The Unconfident Spanish Learner's Blog

Looking through old posts on this forum and the Welsh one, it seems like a few people used to make learner blogs- it’s shame the forum seems so quiet now so as one of my New Year’s Resolutions was to learn a bit of Spanish, I am going to start one!

Please don’t anyone feel obliged to comment etc. (the staff have already helped me a lot, and with Welsh in the past) but I wondered if this would help me to enjoy learning a bit more. I tend to get frustrated easily and stressed and disheartened, especially by mistakes. I really want to change this too. Maybe there are other people who would find it helpful?

All I can say is this isn’t a blog by someone who is extremely confident and breezes through languages! …I’m the opposite!

Hopefully I can clarify my thoughts a bit here, as well as look back on progress

I’d like to write a bit soon about why I decided to learn Spanish, but for now here is my first entry:


Challenge 14

(I hope this isn’t too long- I really like writing!)

Challenge 13 (I realised I’ve been calling them ‘lessons’ but they’re actually definitely ‘challenges’) left me wanting to give up, but it also made me more determined to prove to myself I can do this, and I can do this without getting stressed or frustrated

I was aprehensive about attempting another hard challenge as I was at work for 11 hours today due to training, BUT I did have one small win which was hearing some visitors (I work at a tourist attraction) speaking Spanish and knowing from their accents that they were from Argentina! All the cooking videos of Paulina Cocina (highly recommend!) I have watched on YouTube have paid off!

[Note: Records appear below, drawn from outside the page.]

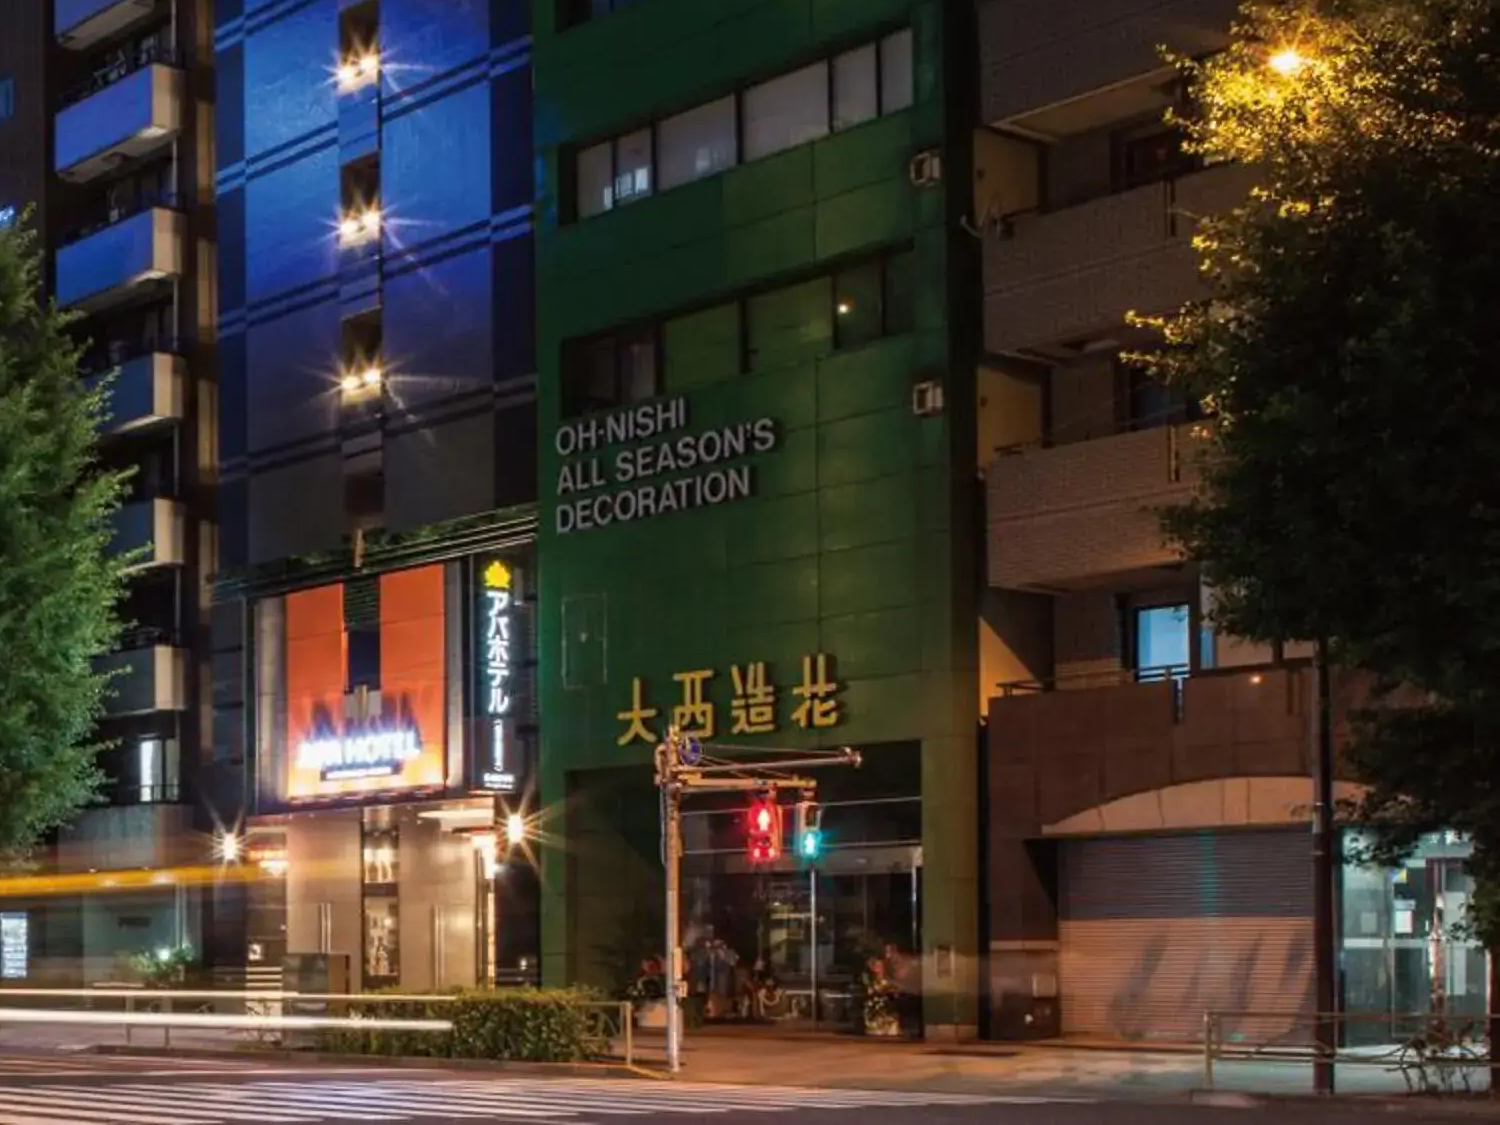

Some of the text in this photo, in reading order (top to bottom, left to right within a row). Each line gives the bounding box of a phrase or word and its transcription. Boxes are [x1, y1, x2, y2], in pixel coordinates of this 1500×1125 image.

[556, 418, 776, 496] ALL SEASON'S
[555, 465, 750, 535] DECORATION
[486, 590, 510, 714] アパホテル
[616, 653, 839, 746] 大西造花
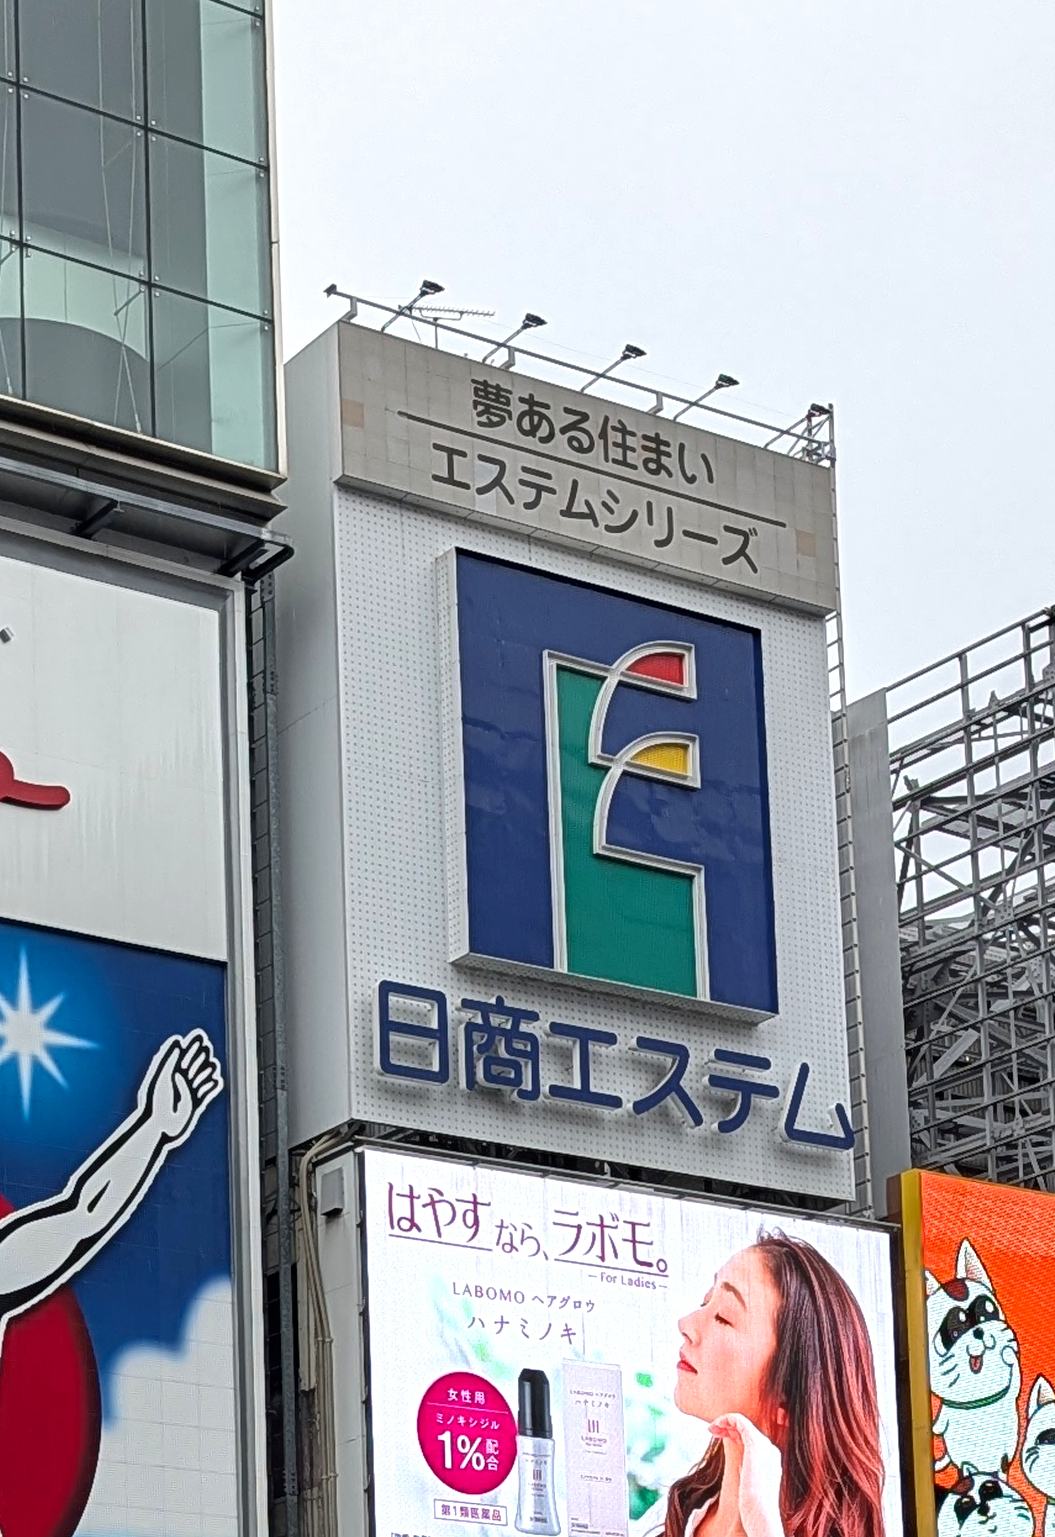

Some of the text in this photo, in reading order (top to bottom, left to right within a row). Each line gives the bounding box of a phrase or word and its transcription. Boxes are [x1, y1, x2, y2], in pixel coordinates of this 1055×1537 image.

[471, 379, 714, 485] 夢ある住まい
[431, 442, 760, 574] エステムシリーズ
[374, 979, 856, 1151] 日商エステム
[452, 1282, 595, 1312] LABOMO ヘアグロウ
[620, 1274, 657, 1290] Ladies
[467, 1315, 577, 1345] ハナミノキ
[447, 1388, 485, 1405] 女性用
[435, 1413, 500, 1430] ミノキシジル
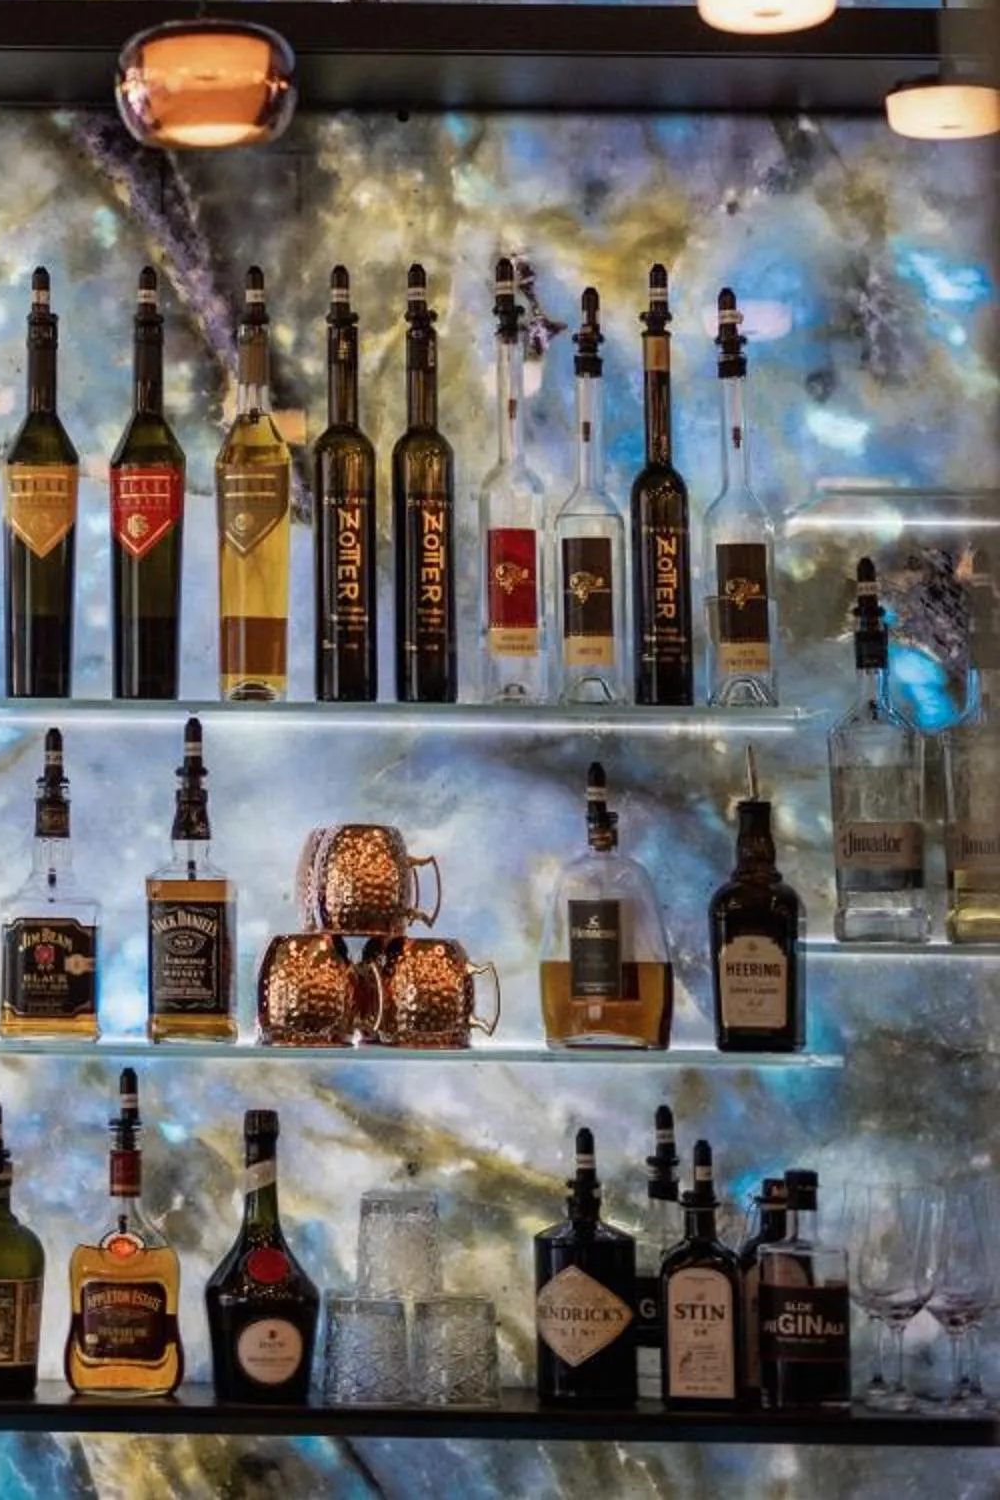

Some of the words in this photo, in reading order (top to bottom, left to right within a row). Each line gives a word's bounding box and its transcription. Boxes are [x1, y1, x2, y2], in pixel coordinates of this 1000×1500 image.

[338, 508, 361, 600] ZOTTER
[421, 511, 444, 602] ZOTTER
[656, 536, 677, 619] ZOTTER
[152, 913, 177, 934] JACK
[21, 931, 40, 950] JIM
[726, 963, 781, 977] HEERING
[674, 1303, 726, 1321] STIN
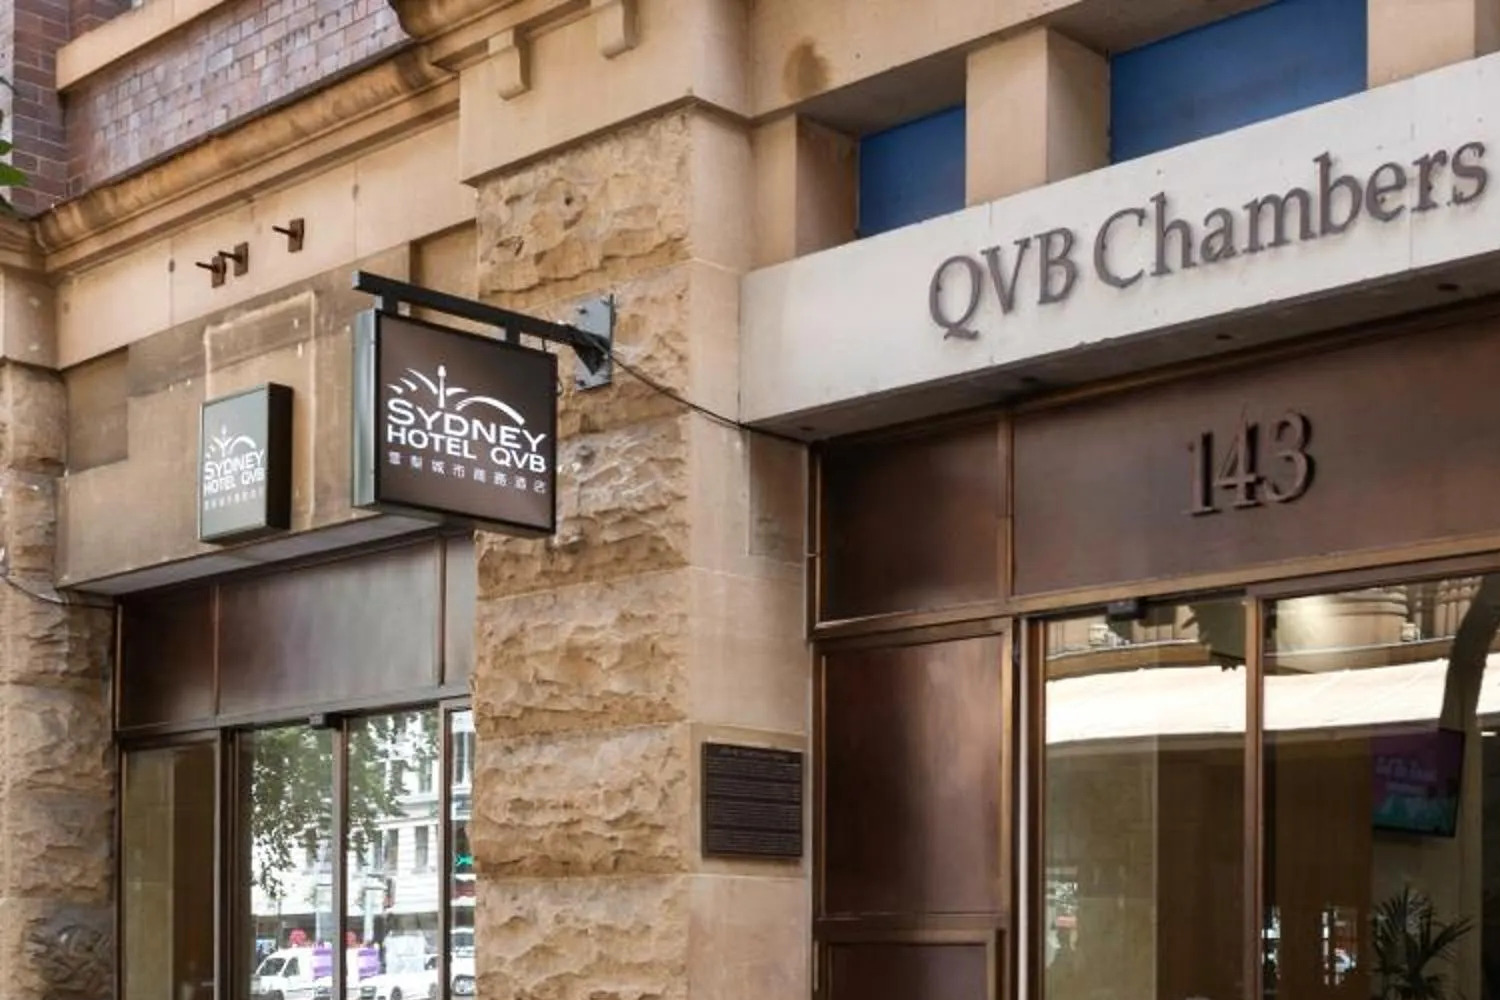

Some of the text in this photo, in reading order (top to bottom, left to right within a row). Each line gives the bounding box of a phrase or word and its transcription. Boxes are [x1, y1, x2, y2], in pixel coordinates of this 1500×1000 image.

[929, 141, 1488, 341] QVB Chambers
[387, 398, 548, 452] SYDNEY
[387, 424, 547, 474] HOTEL QVB
[203, 467, 265, 497] HOTEL QVB
[204, 449, 265, 480] SYDNEY
[1187, 408, 1316, 518] 143

I decided to do half the challenge, and set a timer for 16 minutes. And to play a low-stress video game while I did the challenge (I usually do housework or something while doing SSi).

The issues I came up against to start with were my mind going blank and for the first 5 minutes I only said the first half of all the prompts. I pretty much used el joven, la joven, el senor, la senora interchangeably here, not really able to remember who was doing what and to whom. (Note to self: install Spanish keyboard extension!).

Things improved, even with another form introduced of decir (already my least-favourite verb; doesn’t everyone have a least-favourite verb?). I got a very, very long sentence correct and more encouragingly said it before the narrator! I fins I can get most things right if I pause, but the time pressure causes some stress. I try not to pause though.

Me gustaria has become quisiera for some reason, and desde as in ‘for about a month’ is now dropped in favour of por. I have no idea why.

At this point I decided to carry on and do the full session, though I had to take a few 5-minute breaks to just ~breathe~ at times. I have to remember that learning doesn’t happened when stress and frustration are present!

diga and dijera caused a lot of grief. I guessed each time and had a 50% chance of getting it right. I paused a lot to write down the sentences they appeared in to look for a pattern. dijera might be for past tense, but I have no idea… it doesn’t even appear in the table of decir conjugations in a little grammar book I have!

I consistently forgot that lo goes on the end when it’s an infinitive too. I tried to put it at the beginning. Oh well.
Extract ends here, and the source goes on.